◆ What to do ◆
Give the records again. Keep them exact and leave out the images.

▬▬▬

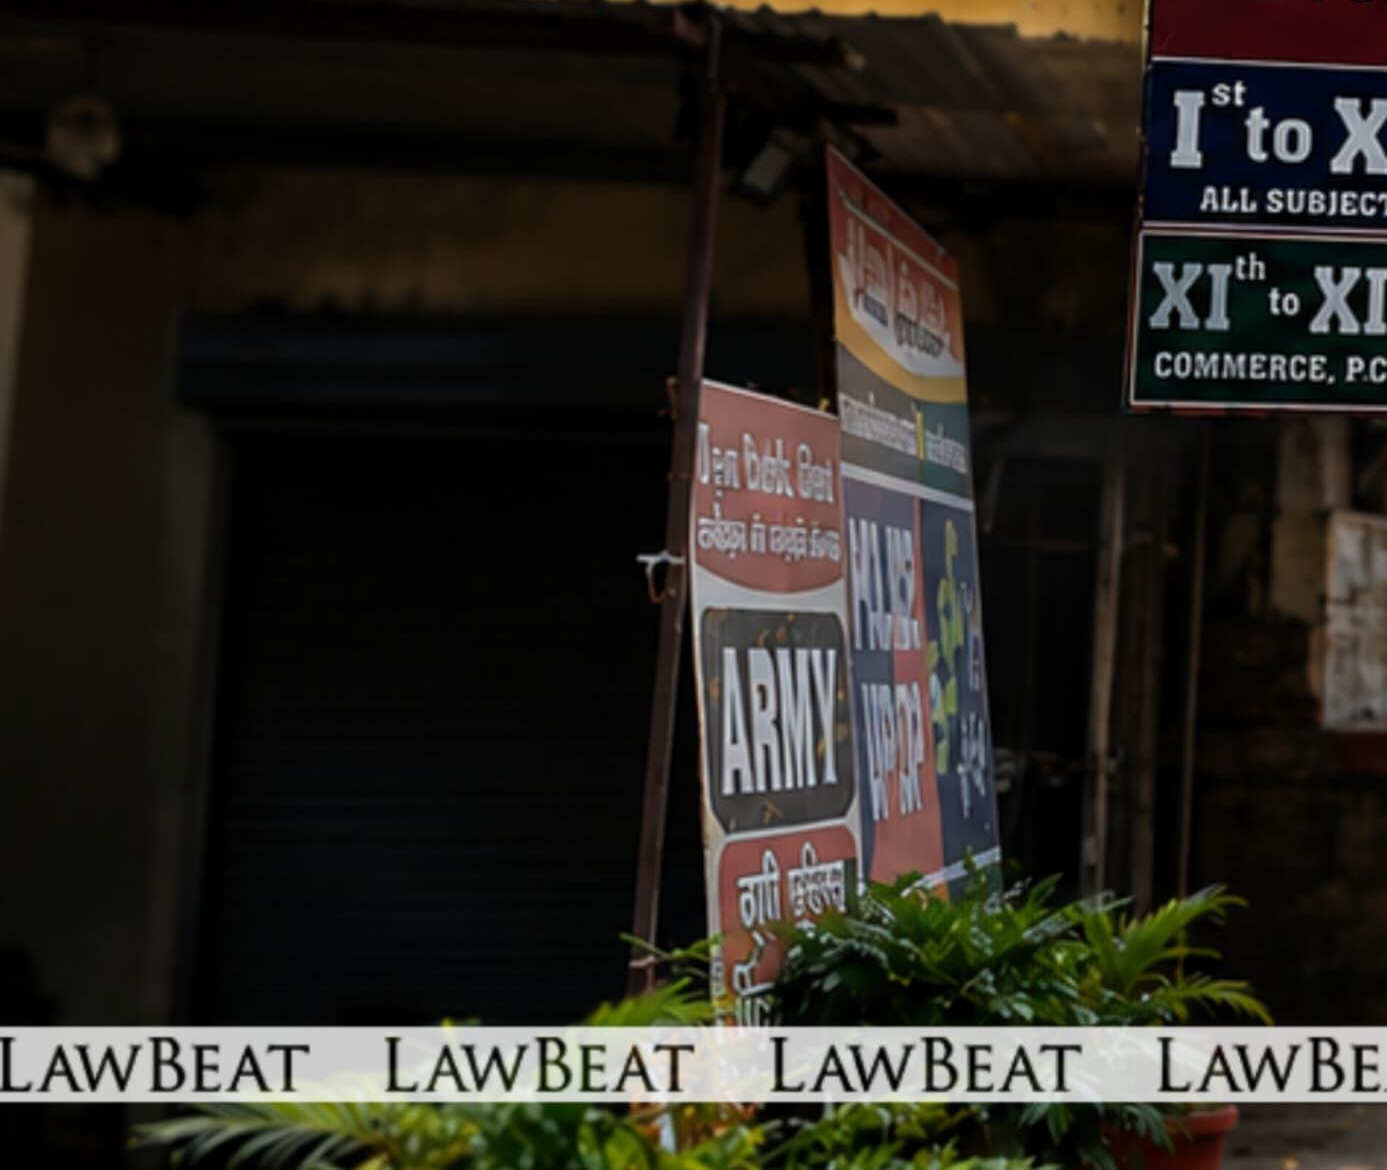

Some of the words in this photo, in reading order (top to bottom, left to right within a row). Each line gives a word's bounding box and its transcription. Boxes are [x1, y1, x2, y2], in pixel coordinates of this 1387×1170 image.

[1245, 106, 1313, 164] to
[1200, 186, 1257, 213] ALL
[1268, 287, 1300, 316] to
[1154, 351, 1335, 385] COMMERCE,
[722, 647, 838, 796] ARMY
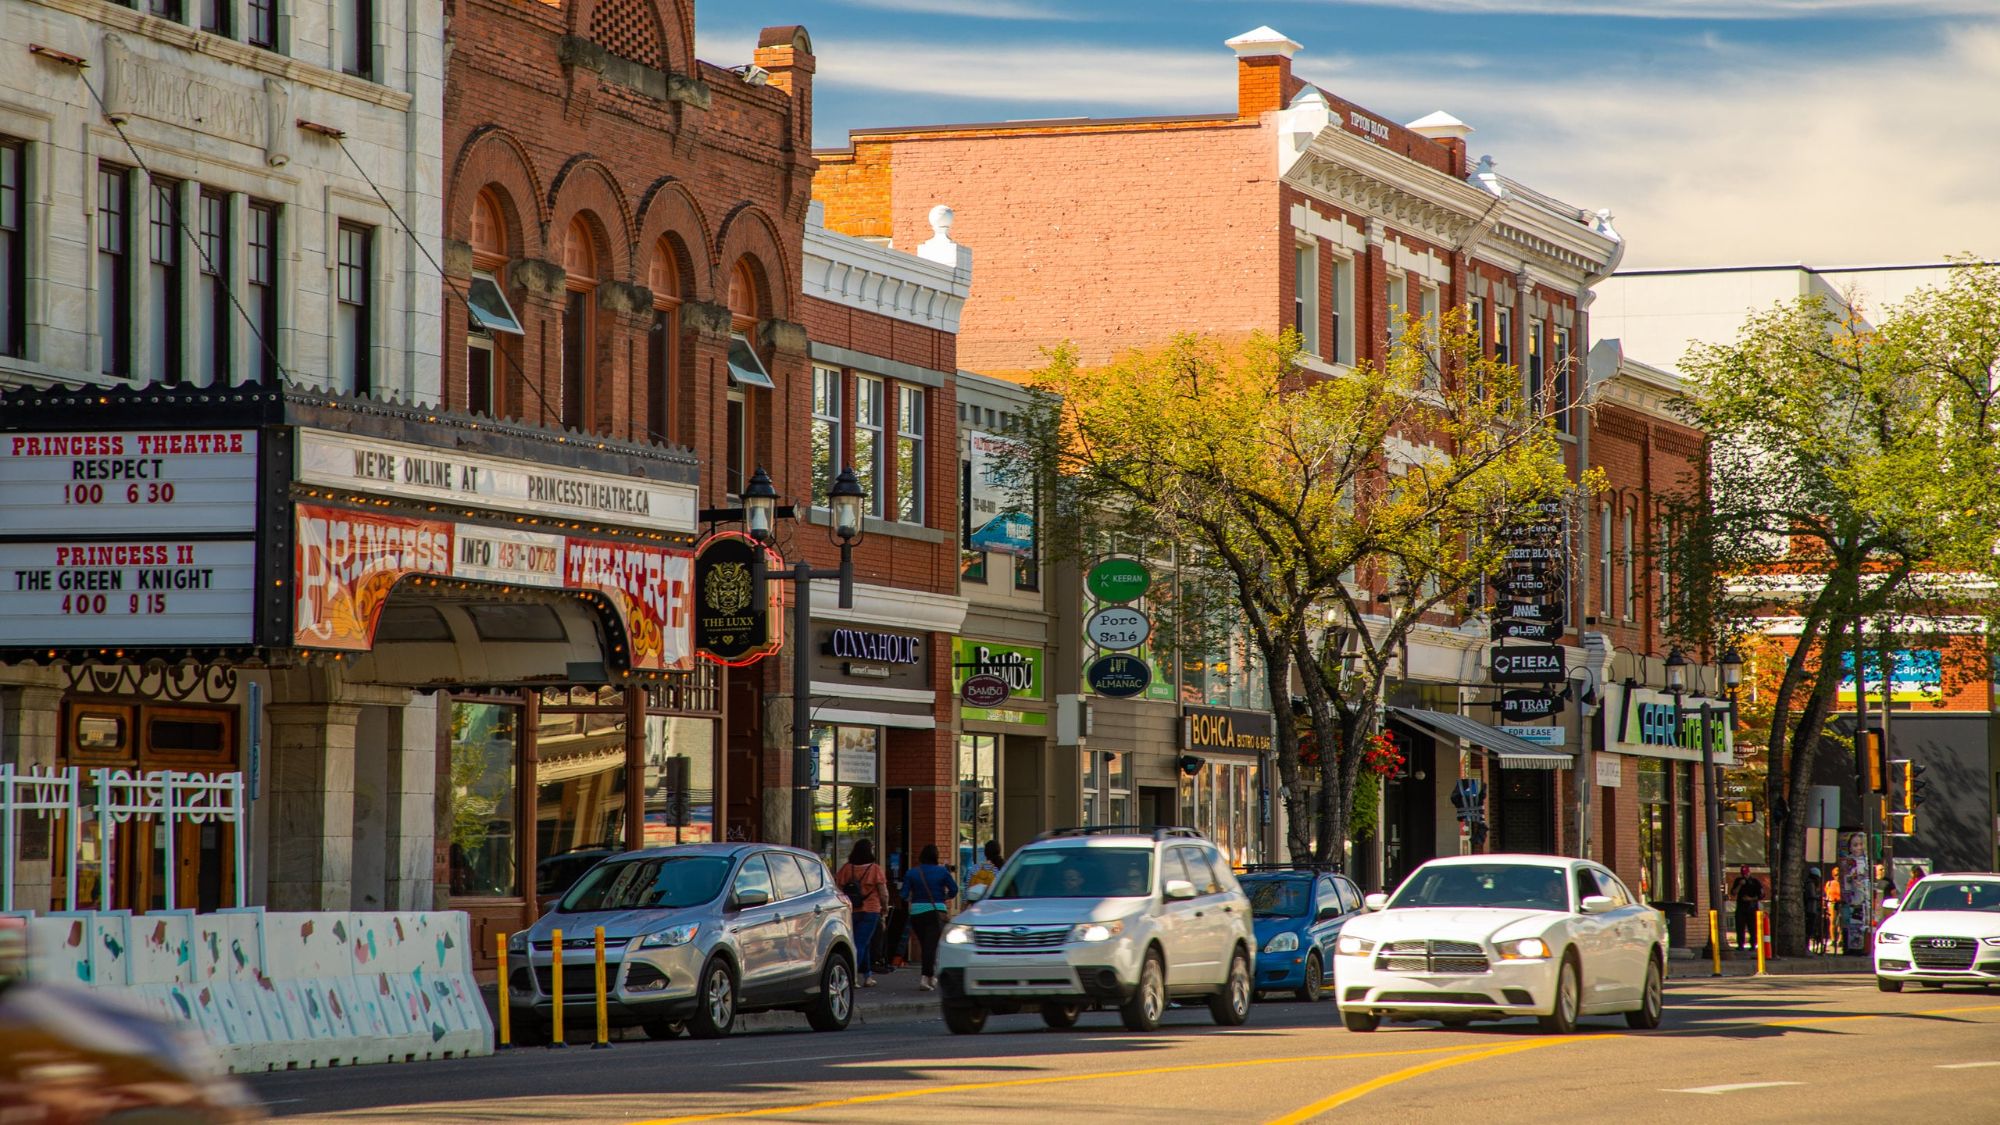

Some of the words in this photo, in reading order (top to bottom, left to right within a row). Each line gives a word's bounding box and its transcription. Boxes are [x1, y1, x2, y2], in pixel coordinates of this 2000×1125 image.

[12, 436, 124, 456] PRINCESS
[138, 434, 243, 453] THEATRE
[72, 459, 163, 479] RESPECT
[354, 450, 395, 481] WE'RE
[404, 457, 451, 487] ONLINE
[462, 465, 478, 491] AT
[528, 475, 650, 514] PRINCESSTHEATRE.CA
[57, 546, 168, 566] PRINCESS
[177, 545, 194, 564] II
[15, 571, 52, 590] THE
[59, 570, 121, 590] GREEN
[139, 569, 213, 589] KNIGHT
[1113, 575, 1142, 583] KEERAN
[297, 518, 449, 641] PRINCESS
[461, 537, 491, 566] INFO
[570, 545, 691, 670] THEATRE
[62, 595, 106, 614] 400
[703, 618, 724, 627] THE
[726, 617, 754, 627] LUXX
[1100, 615, 1139, 626] Porc
[1519, 626, 1546, 634] LBW
[1100, 631, 1138, 643] Salé
[833, 629, 920, 665] CINNAHOLIC
[1511, 656, 1560, 668] FIERA
[1096, 680, 1143, 689] ALMANAC
[1519, 699, 1552, 710] TRAP
[1192, 714, 1235, 747] BOHCA
[1237, 734, 1254, 748] BISTRO
[1508, 728, 1524, 736] FOR
[1526, 728, 1552, 736] LEASE
[1643, 703, 1676, 748] AAR

▬▬▬

◆ Output for this task ◆
Some of the words in this photo, in reading order (top to bottom, left to right within a row). Each line gives a word's bounding box and its transcription. Boxes are [x1, y1, x2, y2], in pixel coordinates of this 1387×1170 image.

[1245, 106, 1313, 164] to
[1200, 186, 1257, 213] ALL
[1268, 287, 1300, 316] to
[1154, 351, 1335, 385] COMMERCE,
[722, 647, 838, 796] ARMY

Some of the words in this photo, in reading order (top to bottom, left to right within a row). Each line gives a word's bounding box and its transcription. Boxes are [x1, y1, x2, y2], in pixel coordinates of this 2000×1125 image.

[12, 436, 124, 456] PRINCESS
[138, 434, 243, 453] THEATRE
[72, 459, 163, 479] RESPECT
[354, 450, 395, 481] WE'RE
[404, 457, 451, 487] ONLINE
[462, 465, 478, 491] AT
[528, 475, 650, 514] PRINCESSTHEATRE.CA
[57, 546, 168, 566] PRINCESS
[177, 545, 194, 564] II
[15, 571, 52, 590] THE
[59, 570, 121, 590] GREEN
[139, 569, 213, 589] KNIGHT
[1113, 575, 1142, 583] KEERAN
[297, 518, 449, 641] PRINCESS
[461, 537, 491, 566] INFO
[570, 545, 691, 670] THEATRE
[62, 595, 106, 614] 400
[703, 618, 724, 627] THE
[726, 617, 754, 627] LUXX
[1100, 615, 1139, 626] Porc
[1519, 626, 1546, 634] LBW
[1100, 631, 1138, 643] Salé
[833, 629, 920, 665] CINNAHOLIC
[1511, 656, 1560, 668] FIERA
[1096, 680, 1143, 689] ALMANAC
[1519, 699, 1552, 710] TRAP
[1192, 714, 1235, 747] BOHCA
[1237, 734, 1254, 748] BISTRO
[1508, 728, 1524, 736] FOR
[1526, 728, 1552, 736] LEASE
[1643, 703, 1676, 748] AAR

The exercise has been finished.